Source material:

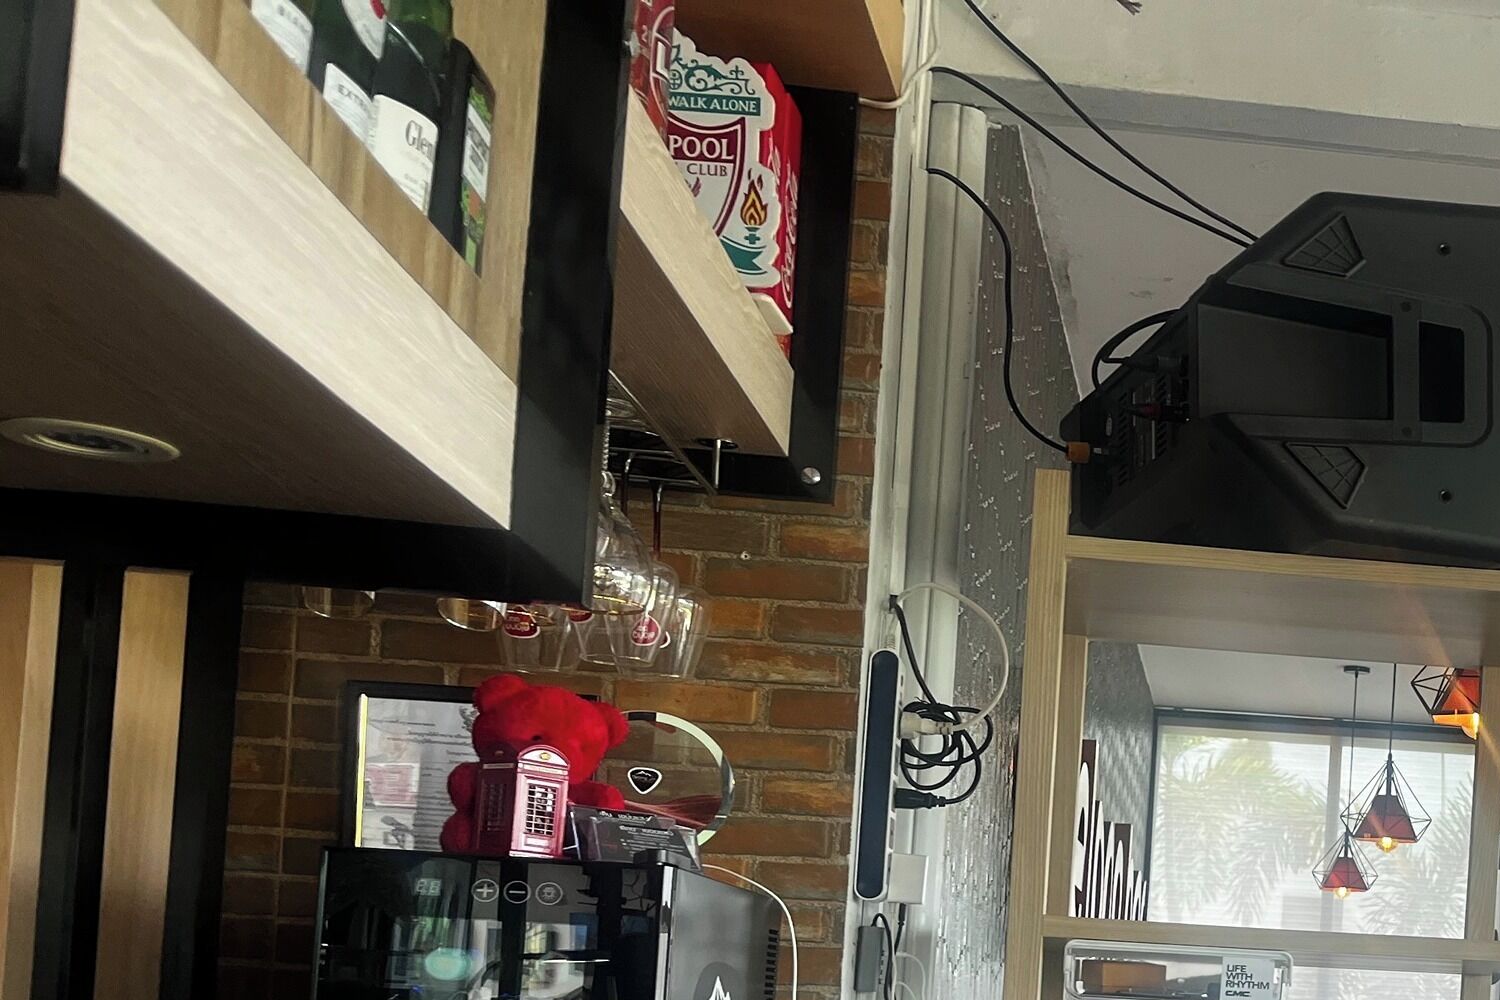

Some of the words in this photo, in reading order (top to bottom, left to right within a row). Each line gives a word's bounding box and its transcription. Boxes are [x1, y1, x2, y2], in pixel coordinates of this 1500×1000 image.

[668, 96, 710, 109] WALK
[710, 98, 758, 113] ALONE
[686, 162, 728, 178] CLUB
[1226, 964, 1247, 973] LIFE
[1226, 972, 1253, 981] WITH
[1225, 979, 1270, 990] RHYTHM

Task instructions: Every line above should be copied exactly; do not carry over the pictures.

Expected output:
Some of the words in this photo, in reading order (top to bottom, left to right within a row). Each line gives a word's bounding box and its transcription. Boxes are [x1, y1, x2, y2], in pixel coordinates of this 1500×1000 image.

[668, 96, 710, 109] WALK
[710, 98, 758, 113] ALONE
[686, 162, 728, 178] CLUB
[1226, 964, 1247, 973] LIFE
[1226, 972, 1253, 981] WITH
[1225, 979, 1270, 990] RHYTHM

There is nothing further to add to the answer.